To further identify the candidate hub genes among the DEGs in the healthy cases and RA patients, we constructed PPI network based on the 52 DEGs in the STRING online database (https://string-db.org/cgi/input.pl), and we identified 39 genes with confidence score ≥ 0.4 in the PPI network (Fig. 2e). The network module may represent the specific biological significance and thereby is usually the core of the PPI network [27]. Accordingly, we performed the modular analysis of the PPI network using the MCODE plug-in of Cytoscape software with MCODE score > 2 as the threshold and identified Cluster1 including CFL1, COTL1, ACTG1, PFN1, and LCP1, and Cluster2 containing LCK, HLA-E, FYN, and HLA-DRA (Fig. 2e), suggesting that these nine genes may play critical roles in the development of RA.

Construction of logistic regression and random forest model

We constructed the logistic regression model and the random forest model based on the selected nine genes including CFL1, COTL1, ACTG1, PFN1, LCP1, LCK, HLA-E, FYN, and HLA-DRA in the PPI network, in which the expression of selected nine genes served as the continuous predict variable and the sample type (RA or not) served as the response variable. The 5-fold cross-validation was performed in the model to verify the reliability of the model and we observed that the AUC of the logistic regression model (Fig. 3a) and the random forest model (Fig. 3b) was substantially high, suggesting that both models can reliably distinguish the RA samples from the healthy control samples.

Discussion

Consistent with the results of previous studies, our study indicates that RA is a disease involving a complex gene network and multiple gene contributors [28]. In this study, 39 genes were selected in the PPI network and 9 hub genes were identified after modular analysis of the PPI network, including CFL1, COTL1, ACTG1, PFN1, LCP1, LCK, HLA-E, FYN, and HLA-DRA. These genes may be significantly correlated with the progression of RA. Furthermore, we constructed a logistic regression model and random forest model based on the nine identified genes, both with a significant AUC.
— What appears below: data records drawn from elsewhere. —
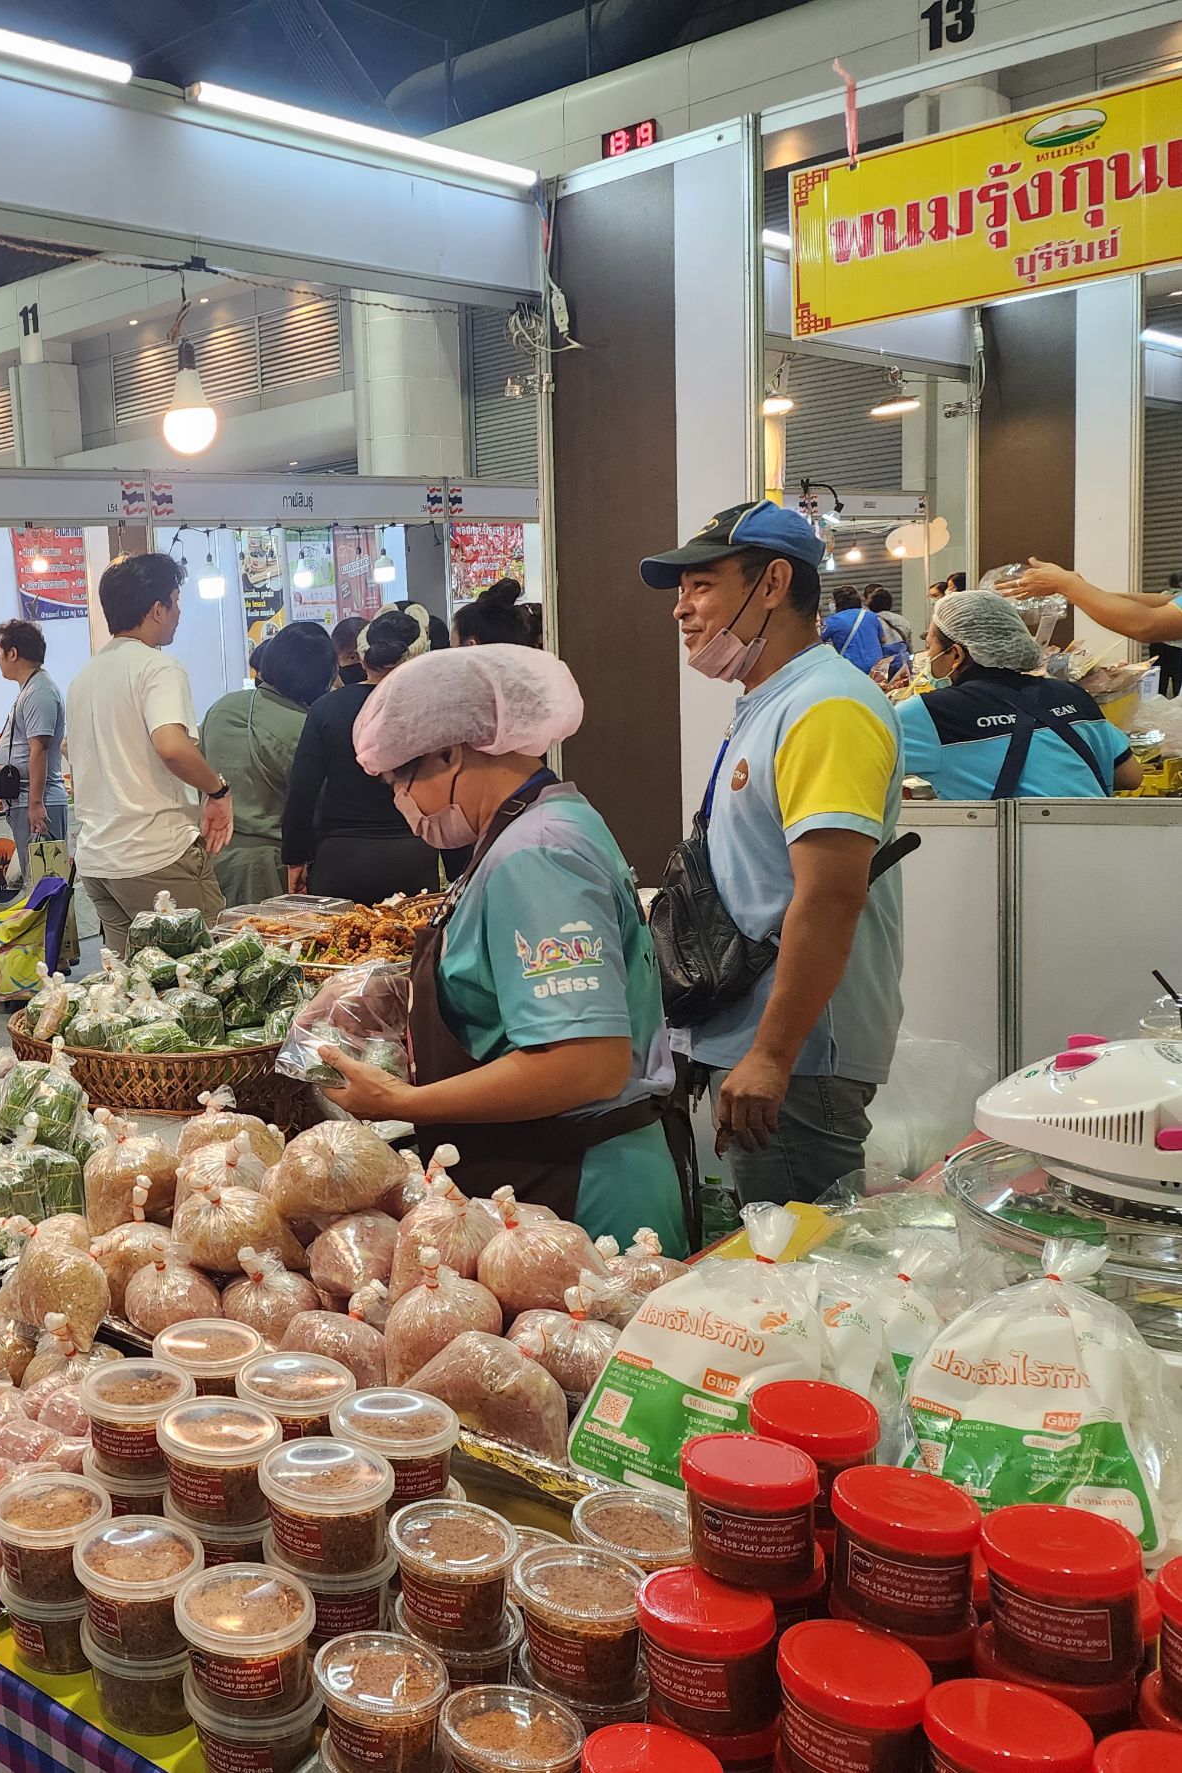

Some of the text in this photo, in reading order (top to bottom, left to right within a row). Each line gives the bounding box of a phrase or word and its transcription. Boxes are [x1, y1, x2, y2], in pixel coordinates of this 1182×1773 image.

[920, 0, 976, 51] 13
[609, 122, 653, 155] 13:19
[1015, 227, 1121, 284] บุรีรัมย์
[19, 303, 39, 336] 11
[108, 504, 118, 512] L54
[1049, 704, 1078, 717] EAN
[533, 976, 600, 999] ยโสธร
[638, 1302, 765, 1357] ปลาส้มไร้ก้าง
[705, 1373, 737, 1392] GMP
[1045, 1415, 1080, 1428] GMP
Combined with previous reports, COTL1, LCK, HLA-DRA, and HLA-E, among our identified hub genes, have been reported to be associated with RA. Proteomics revealed that upregulation of COTL1 might affect the 5-lipoxygenase (5LO) activity involved in leukotriene biosynthesis and mediate inflammation in RA [29]. Whole-exome sequencing defined LCK as linked to familial RA and highlighted LCK variation in the T cell receptor (TCR) signaling pathway leading to T cell activation, resulting in T cell differentiation, survival, and effector functions [30]. Bioinformatics analysis showed that HLA-DRA was dysregulated in RA patients [31, 32]. Furthermore, HLA-E was involved in susceptibility to RA and anti-TNF treatment in RA patients [33]. Little evidence has directly demonstrated any relation of other genes to RA, such as CFL1, ACTG1, PFN1, or FYN; however, these genes play a key role in immune regulation [34,35,36,37].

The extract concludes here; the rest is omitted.